White House Bundles off Clinton and Bush Portraits from Main Entrance to Rarely Used Storage Room

The spots are now occupied by the portraits of two Republican presidents, William McKinley and Theodore Roosevelt

The White House has suddenly removed the portraits of former Presidents Bill Clinton and George W. Bush from their prominent positions in the grand entrance hall to a rarely used room where table clothes and other discarded things are kept, according to reports. Apparently, the two portraits were moved over the past week.

The portraits have been replaced by those of two republican presidents who had held the office over a century ago. There has been no response from The White House regarding the new development and the reason behind the sudden removal of the portraits is still unknown.

Replaced by Republican Presidents

Bill Clinton
Bill Clinton Wikimedia Commons

The portraits of President Bush and Clinton, which occupied prominent positions at the Grand Foyer in the executive entrance of the White House, have been shifted to a rarely used Old Family Dining Room, according to a CNN report. The portraits were situated in a place where they were visible to visitors, as well as to the current President Donald Trump when he would alight the staircase to attend events on the State Floor of the White House.

The spots are now occupied by the portraits of two former Republican presidents — William McKinley and Theodore Roosevelt — who served as presidents over 100 years ago. Sources told CNN that, the Old Family Dining Room is used as a storage room for unused linen and furniture and is out of the view of official guests. The portraits were last seen in the Grand Foyer on July 8, when Trump had hosted Mexican President Andrés Manuel López Obrador.

What's the Secret?

George W. Bush
George W. Bush YouTube Grab

It has been a culture of US Presidents to commission portraits of themselves, which dates back to the time of George Washington. Moreover, it has been a long-held tradition to display the portraits of those Presidents who were last in the Oval Office to be placed closest to the entranceway of their official home at 1600 Pennsylvania Avenue so that they could be viewed by everyone including official guests.

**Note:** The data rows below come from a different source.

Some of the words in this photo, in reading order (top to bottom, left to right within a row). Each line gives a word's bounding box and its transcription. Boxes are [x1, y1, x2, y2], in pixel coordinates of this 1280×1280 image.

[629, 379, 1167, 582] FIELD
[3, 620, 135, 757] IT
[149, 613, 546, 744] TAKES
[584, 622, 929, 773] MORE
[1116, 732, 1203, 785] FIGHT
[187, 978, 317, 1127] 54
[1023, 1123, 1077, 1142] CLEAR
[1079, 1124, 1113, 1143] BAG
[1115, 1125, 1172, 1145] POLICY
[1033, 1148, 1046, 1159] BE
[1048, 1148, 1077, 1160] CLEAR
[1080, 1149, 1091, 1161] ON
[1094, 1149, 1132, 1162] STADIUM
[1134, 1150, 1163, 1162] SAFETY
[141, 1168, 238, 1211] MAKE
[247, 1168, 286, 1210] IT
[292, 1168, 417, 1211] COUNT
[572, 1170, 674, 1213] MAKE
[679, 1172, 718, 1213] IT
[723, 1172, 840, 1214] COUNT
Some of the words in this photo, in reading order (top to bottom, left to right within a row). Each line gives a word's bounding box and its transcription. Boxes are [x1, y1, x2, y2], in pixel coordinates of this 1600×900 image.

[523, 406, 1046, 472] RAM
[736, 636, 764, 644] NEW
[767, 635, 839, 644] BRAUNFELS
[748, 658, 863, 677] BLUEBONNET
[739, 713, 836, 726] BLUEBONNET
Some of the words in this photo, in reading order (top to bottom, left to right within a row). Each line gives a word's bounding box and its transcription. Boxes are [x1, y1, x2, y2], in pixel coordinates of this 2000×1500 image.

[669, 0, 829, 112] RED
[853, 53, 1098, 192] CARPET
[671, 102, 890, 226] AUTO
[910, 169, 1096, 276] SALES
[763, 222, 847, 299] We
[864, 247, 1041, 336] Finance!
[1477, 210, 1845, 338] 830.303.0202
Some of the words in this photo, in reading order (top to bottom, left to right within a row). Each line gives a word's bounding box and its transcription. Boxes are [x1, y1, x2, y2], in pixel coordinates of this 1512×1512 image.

In fact, the insignificance of the Old Family Dining Room evidenced by its non-inclusion in any public tour of the residence. However, it can be ascertained that it was mainly because of Trump's dislike for the two former Presidents. He has been critical of Clinton on several occasions, and has called him a "bad president".

The removal of the portraits comes just a month after it was revealed that the portraits of former President Barack Obama and First Lady Michelle Obama will not be unveiled in the White House until Trump is in office.